SECRETOS COMPARTIDOS

SECRETOS COMPARTIDOS

Haydee Papp

19/09/2018

Aquella noche de tormenta,subí sigilosa los escalones de la escalera caracol que me llevaba al desván. Un lugar oscuro, invadido por telarañas. El aroma a moho me sacudió. Pensé en las ratas, por las noches las escuchaba corretear y un escalofrío me recorrió de pies a cabeza. Pero ni el temor a esos roedores repugnantes me hizo desistir de mi propósito.

El haz de luz de la linterna lo descubrió. En un rincón, debajo de una estantería abarrotada de revistas de moda del año 40 me esperaba el arcón de mi abuela. Me arrodillé frente a él y lo abrí con respeto. Tres polillas indiscretas salieron volando, probablemente indignadas por mi intromisión.

Mi mirada voló hacia el objeto de mi búsqueda. Debajo de un vestido color sepia asomaba el álbum de fotos de la familia. Fotos antiguas preñadas de anécdotas.

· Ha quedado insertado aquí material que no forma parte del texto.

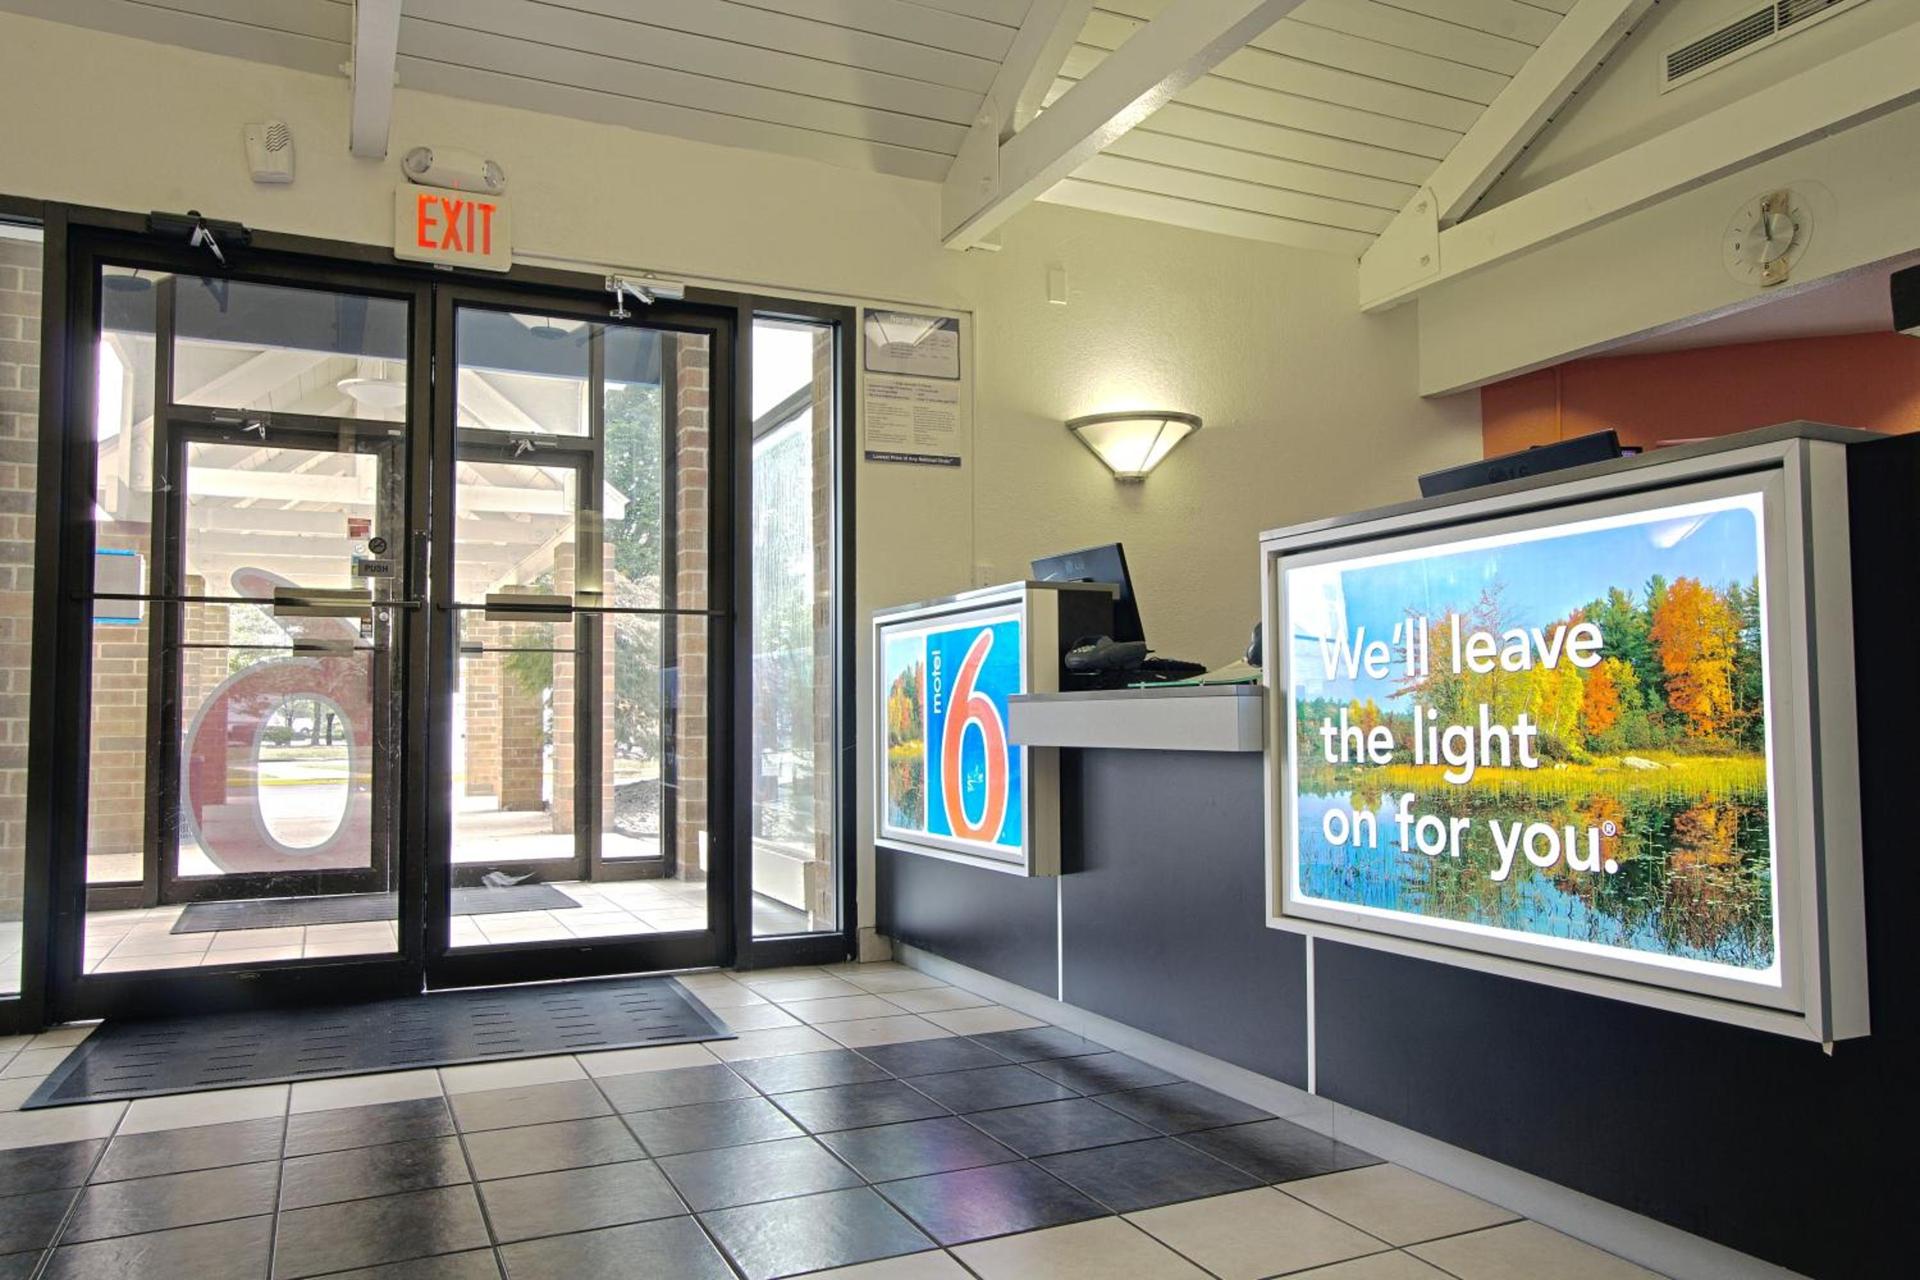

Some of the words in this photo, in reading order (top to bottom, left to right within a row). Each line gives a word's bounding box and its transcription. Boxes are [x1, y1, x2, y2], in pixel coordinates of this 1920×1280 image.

[417, 193, 496, 255] EXIT
[365, 564, 389, 573] PUSH
[1319, 616, 1429, 681] We'll
[1451, 614, 1603, 676] leave
[931, 649, 942, 714] motel
[941, 627, 1010, 843] 6
[1319, 709, 1395, 767] the
[1414, 703, 1539, 785] light
[1322, 808, 1377, 849] on
[1395, 793, 1471, 858] for
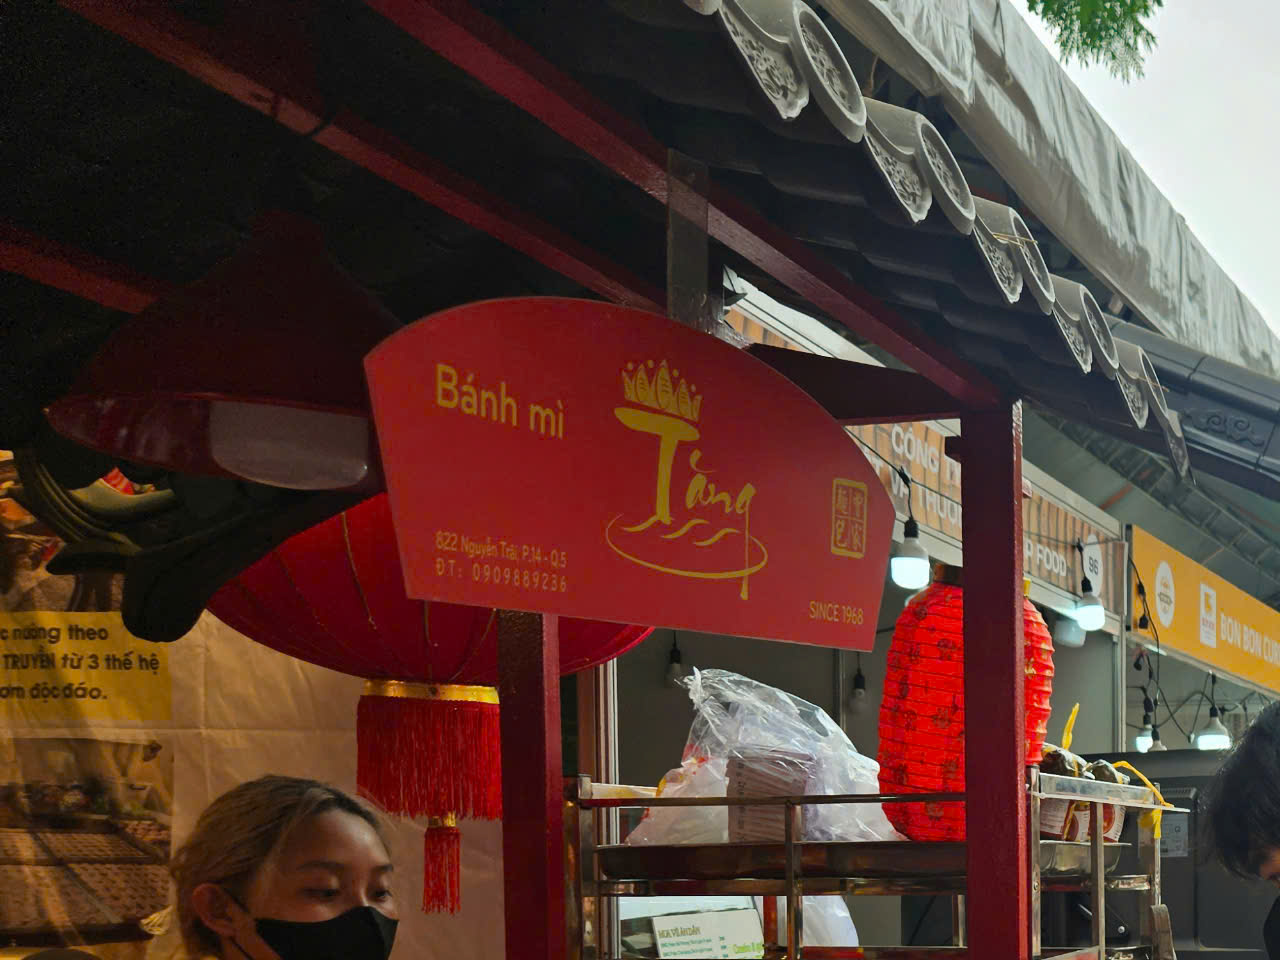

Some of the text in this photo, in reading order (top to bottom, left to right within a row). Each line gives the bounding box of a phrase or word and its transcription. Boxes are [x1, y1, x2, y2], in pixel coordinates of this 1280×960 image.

[435, 363, 566, 439] Bánh mì
[891, 425, 940, 473] CÔNG
[435, 530, 458, 551] 822
[1037, 544, 1067, 577] FOOD
[1088, 556, 1099, 576] 96
[472, 563, 567, 592] 0909889236
[808, 600, 864, 625] SINCE 1968
[67, 624, 109, 641] theo
[1243, 623, 1263, 658] BON
[2, 645, 161, 676] TRUYỀN từ 3 thế hệ

Tomé el álbum y lo abracé. Al hacerlo, sentí vibrar el espíritu de mi abuela, de mi padre y de tantos otros desconocidos relacionados a mí por la sangre. La calidez de mi abuela flotaba en el ambiente. La percibí sorprendida.

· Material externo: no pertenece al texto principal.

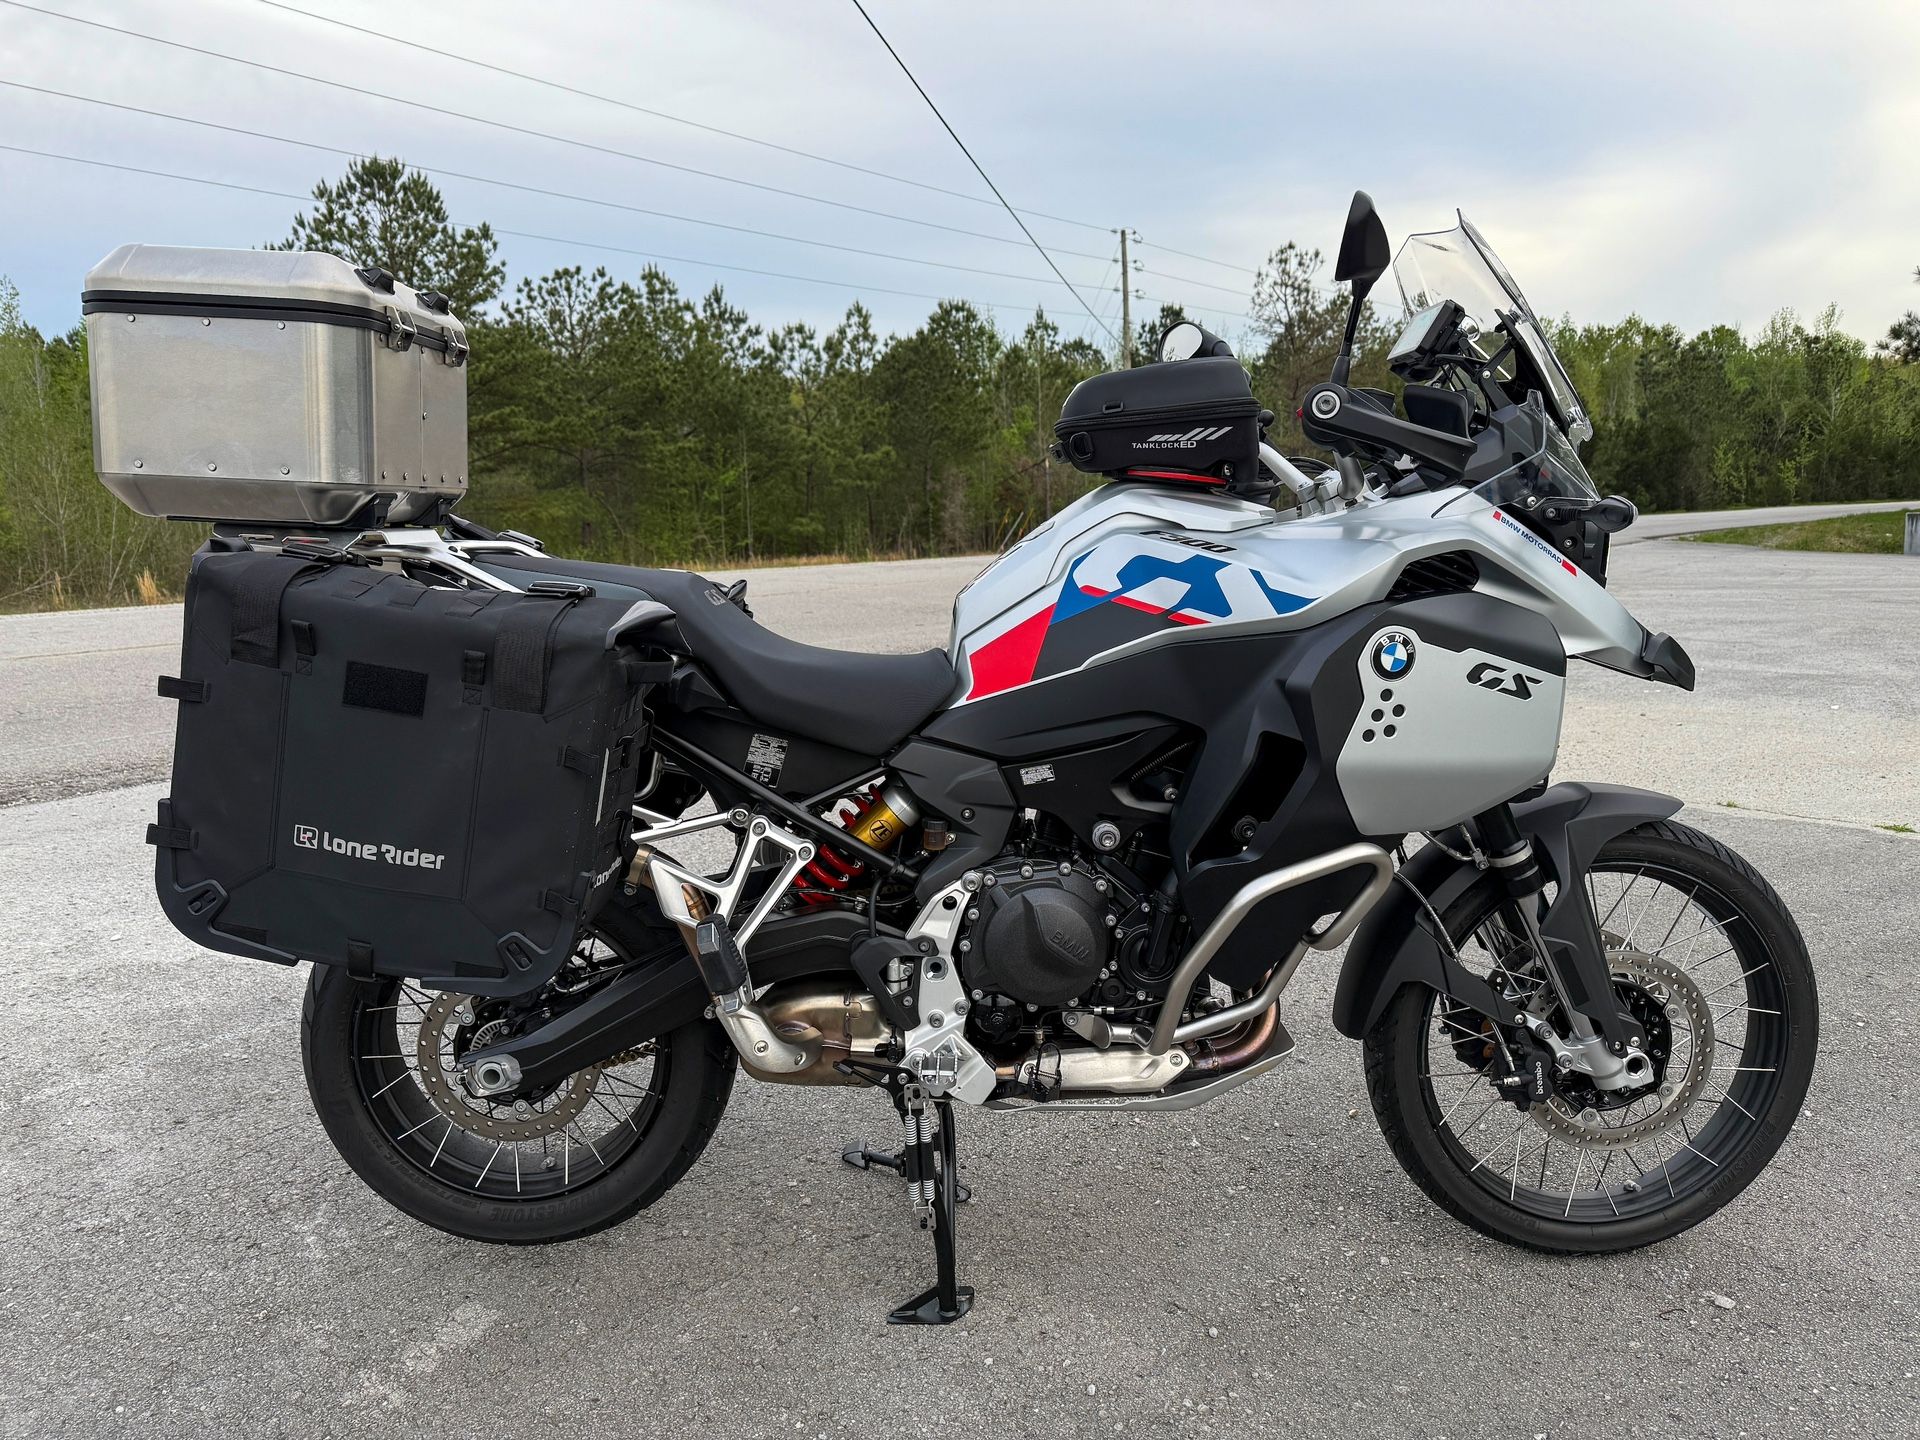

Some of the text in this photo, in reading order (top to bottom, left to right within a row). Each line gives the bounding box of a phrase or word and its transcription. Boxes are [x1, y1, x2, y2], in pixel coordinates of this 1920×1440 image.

[1131, 440, 1197, 449] TANKLOCKED
[1501, 516, 1562, 564] BMW MOTORRAD
[1380, 633, 1415, 655] BMW
[1466, 661, 1544, 701] GS
[322, 831, 377, 861] Lone
[380, 843, 446, 870] Rider
[1048, 929, 1090, 961] BMW
[1535, 1061, 1544, 1095] brembo

Una pequeña caja de madera repujada desvió mi atención. Al abrirla, se asomó una bailarina ejecutando deliciosas piruetas al son del Vals de las Flores de Tchaikovski. Recuerdo que siempre la veía bailar mientras mi abuela bebía su acostumbrado té de hierbas. Decidí llevármela también.

Regresé a mi habitación. Dejé la cajita musical sobre la cómoda y comencé a hojear el álbum. Me detuve en las dos fotos que me interesaban. Estaban una al lado de la otra.

¡Cuántos recuerdos! ¡Uy!… aquellas tardes de siesta obligatoria en que me escapaba al dormitorio de mi abuela. Me acostaba con ella y así, muy juntitas, me narraba las travesuras de mi padre y de mi tía siendo niños. Me fascinaba escucharlas.

“Ni te imaginas los glotones que eran esos dos bribonzuelos”, me contaba con nostalgia. “Antes de almorzar, aprovechaban que yo estaba distraída preparando la comida y a escondidas asaltaban la lata de galletas de chocolate y avena. Al descubrirlos, los corría alrededor de la mesa de la cocina con la cuchara de madera y ellos huían riendo. Para ellos todo era diversión.

A tu tía le encantaba mecerse en una hamaca que tu abuelo puso especialmente para ella en el jardín trasero de nuestra casa, mi añorada casa de Hungría. Ella se hamacaba y yo le leía los cuentos de Andersen. Su preferido era El Patito Feo».

Escapando de los desastres ocasionados por la Primer Guerra Mundial y buscando nuevos horizontes, la familia emigró a América. En 1923 desembarcaron en el puerto de Buenos Aires.

Los comienzos fueron duros, especialmente para los niños.

“Una vez instalados en la zona de Dock Sud, donde tu abuelo consiguió empleo en la compañía que suministraba electricidad a la provincia, envié a tu padre y a tu tía al colegio. ¡Cuánto sufrió mi pequeño! Al no saber el idioma, los compañeritos se burlaban de él y le hacían vacío. Pero lo peor fue el trato que recibió de su maestra. ¡Le pegó con una vara de sauce porque no le respondía cuando ella lo interrogaba! ¿Y cómo iba a hacerlo si no le entendía?”.

Cerré el álbum. Lágrimas de melancolía comenzaron a deslizarse por mis mejillas.

¡Tantos recuerdos olvidados y vueltos a renacer por aquellas fotos! ¡Tantos secretos compartidos con mi abuela en aquellas tardes de siesta! Ella solía decir: “Conocer tus raíces te hace fuerte, nunca reniegues de ellas”.

De repente sonreí al creer escuchar la voz de mi abuela diciéndome: “Besitos de miel para la abuela Ethel y a soñar con los angelitos”. Así solía darme las buenas noches. Besitos de miel…

¡Cuánto te extraño nagymama (abuela)!